Though there are some enjoyable songs on the album, Drake doesn’t bring much to the table. He coasts on the instrumentals and allows the beat production to do the rest of the work, which is discouraging since the rapper has so much more to offer. Drake’s feature on Jack Harlow’s song “Churchill Downs” shows his lyrical and songwriting capabilities. Harlow even admitted to adding more bars to his own verse after hearing Drake’s verse so it’s clear Drake still possesses the ability to write good music. Even people who aren’t fans of Drake acknowledge that the rapper performed well on Harlow’s song, so the mediocrity of his latest album is frustrating.
At this point in Drake’s career, he has nothing left to prove. He’s been at the top for a while now and has been getting by doing the same things. It makes sense that he wouldn’t want to change the formula and risk losing money or fans. However, if Drake wants to remain in the conversation of hip-hop legends, he’ll need to step his game up with his next releases. This album highlights that it doesn’t matter if Drake does do something different. He’ll always attempt to just get by, scraping the surface to achieve commercial success.

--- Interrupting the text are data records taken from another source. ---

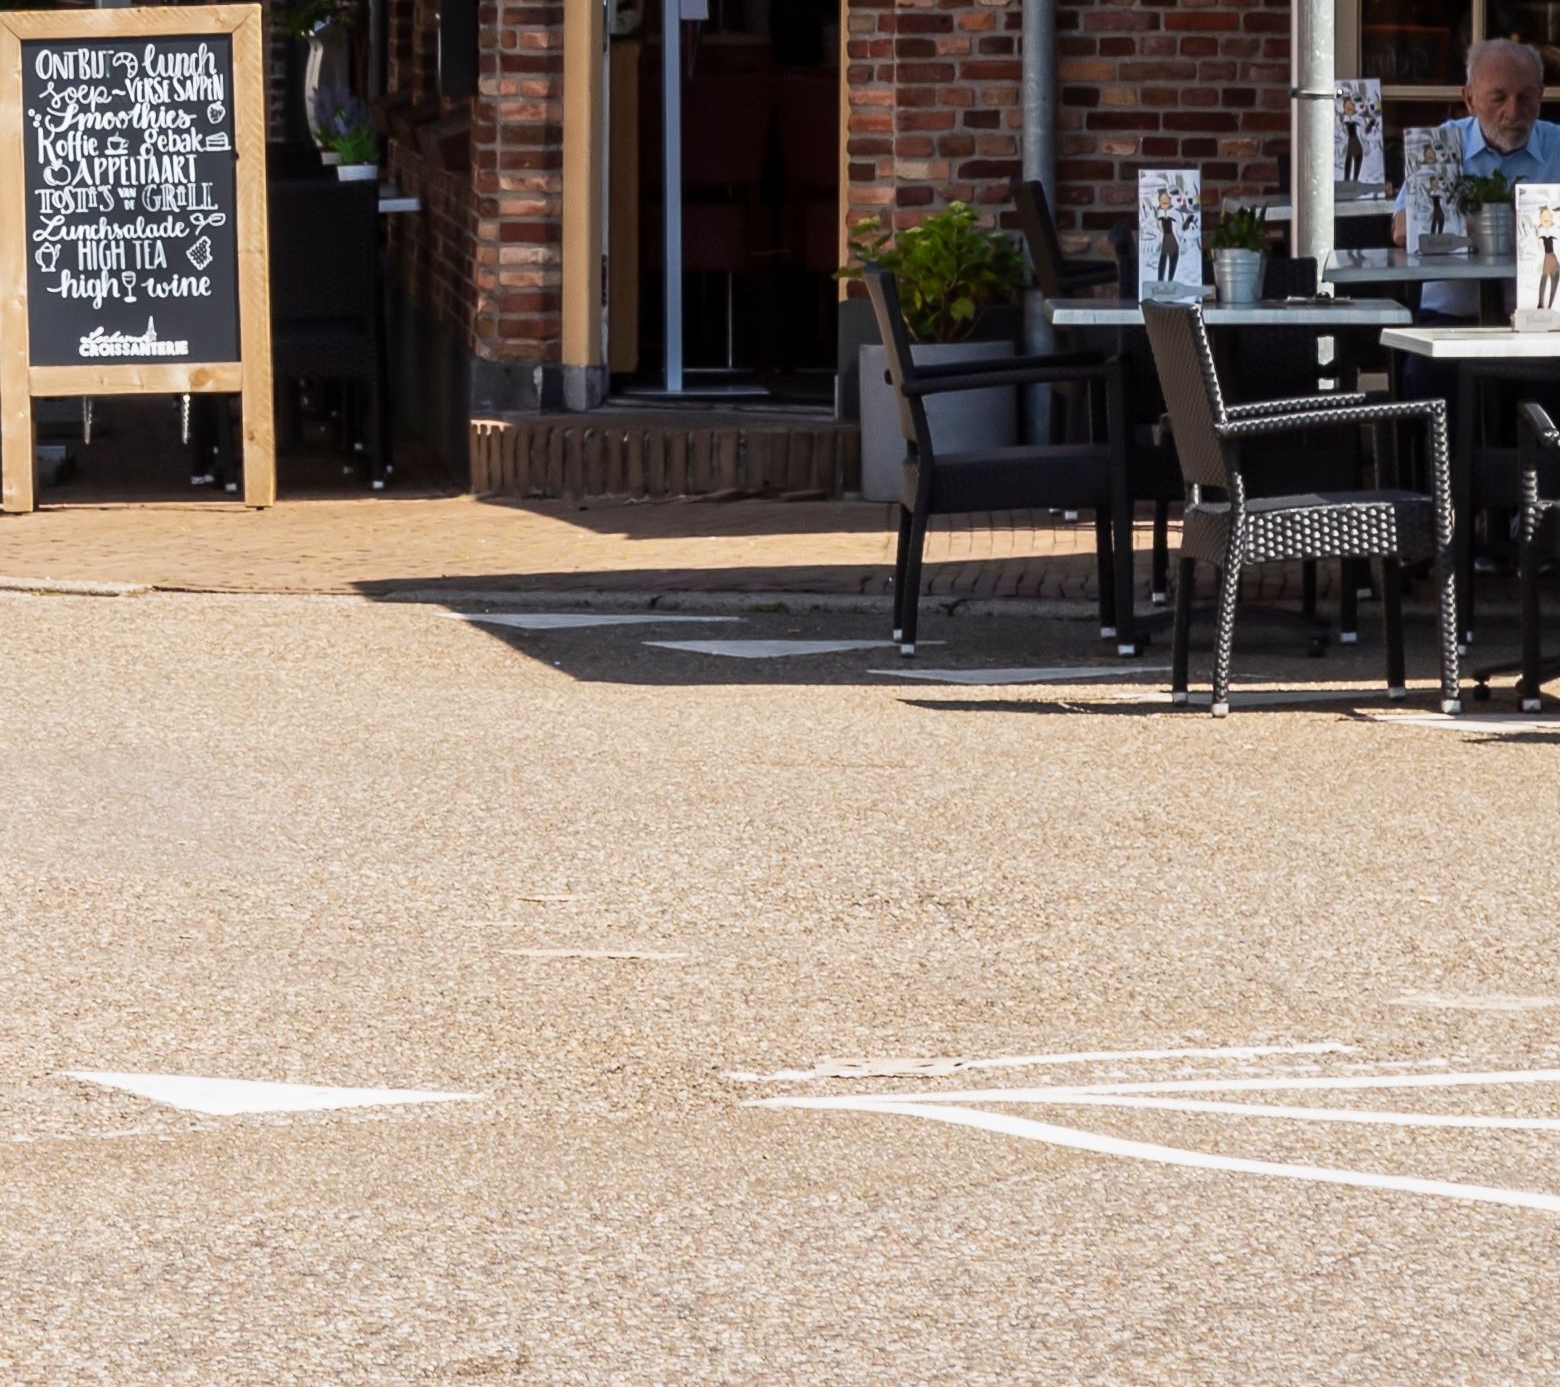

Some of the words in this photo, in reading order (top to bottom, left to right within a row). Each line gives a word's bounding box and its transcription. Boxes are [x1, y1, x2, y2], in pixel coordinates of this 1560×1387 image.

[142, 43, 218, 77] lunch
[38, 81, 113, 113] soep
[125, 76, 172, 105] VERSE
[44, 103, 198, 133] Smoothies
[37, 127, 100, 164] Koffie
[139, 127, 204, 159] gebak
[71, 154, 197, 186] APPELTAART
[141, 182, 219, 213] GRILL
[32, 215, 191, 242] Lunchsalade
[77, 240, 126, 271] HIGH
[132, 239, 168, 269] TEA
[46, 268, 121, 310] high
[140, 274, 212, 298] wine
[79, 340, 189, 357] CROISSANTERIE

It’s always great for artists to try something new so things don’t get stale. However, in the case of Drake, when he does attempt to experiment, the album still feels underwhelming, which indicates the issue is more than just changing things up. Though “Honestly, Nevermind” is mediocre, this doesn’t make it a bad album. Most of Drake’s hardcore rap fans may not like it but there are enjoyable, rhythmic tracks that are sure to be added to summer playlists and get people’s bodies moving. It’s unfortunate that Drake has gotten to a point in his career where it doesn’t seem like he tries. Drake is capable of doing more and he wouldn’t be where he is now if he hadn’t put in the work before. However, if he continues to put out mediocre albums to a lukewarm reception, the self-proclaimed “certified lover boy” won’t receive the same love he once did from his beloved fans.